Historically Thinking

Historically Thinking


Behind the Book 6: The Floggings Will Continue Until Morale Improves

August 28, 2019

The subject for today's "Behind the Book" conversation is flogging. Rather than showing you a depiction of someone having their back flayed with a whip, I instead of chosen to show you the smiling visage of today's guest, Don Hagist. You may thank me.

But, as Don and I discuss, it's awfully hard to find an image of a flogging from the era of the American Revolution, roughly 1770 through 1793. Why might that be? And is flogging what we think it was? Was being sentence to 500 lashes–as Daniel Morgan was in 1755–more or less a death sentence? How often were men flogged? Could they ever be trusted again? And what exactly were they flogged with? And where?

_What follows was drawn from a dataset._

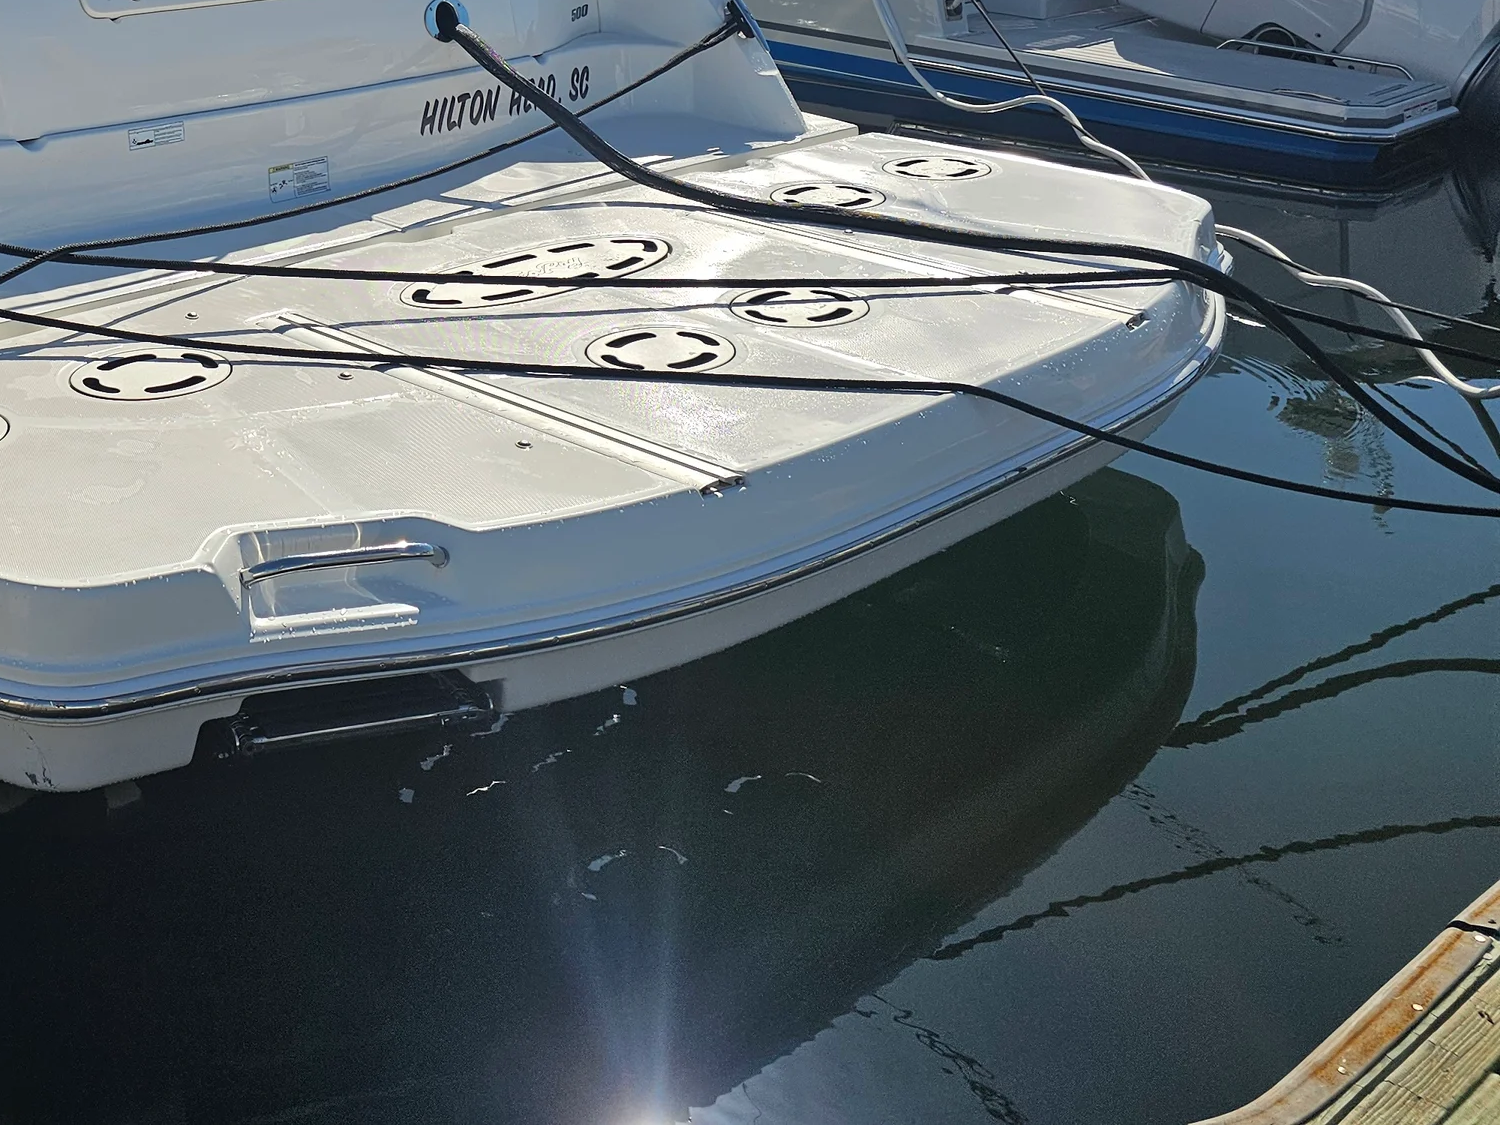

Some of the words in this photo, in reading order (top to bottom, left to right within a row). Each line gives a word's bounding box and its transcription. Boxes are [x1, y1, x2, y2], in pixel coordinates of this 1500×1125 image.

[571, 3, 589, 22] 500
[420, 84, 501, 137] HILTON
[568, 65, 590, 102] SC

These and numerous other questions are answered by Don, who is I think one of the foremost experts on the life of the British soldier during the American Revolution. Don is an engineering consultant who in his spare time somehow manages to be Managing Editor of the Journal of the American Revolution, and an independent historian. His books include The Revolution's Last Men: the Soldiers Behind the Photographs (Westholme Publishing, 2015), British Soldiers, American War (Westholme Publishing, 2012), and A British Soldier’s Story: Roger Lamb’s Narrative of the American Revolution (Ballindalloch Press, 2004).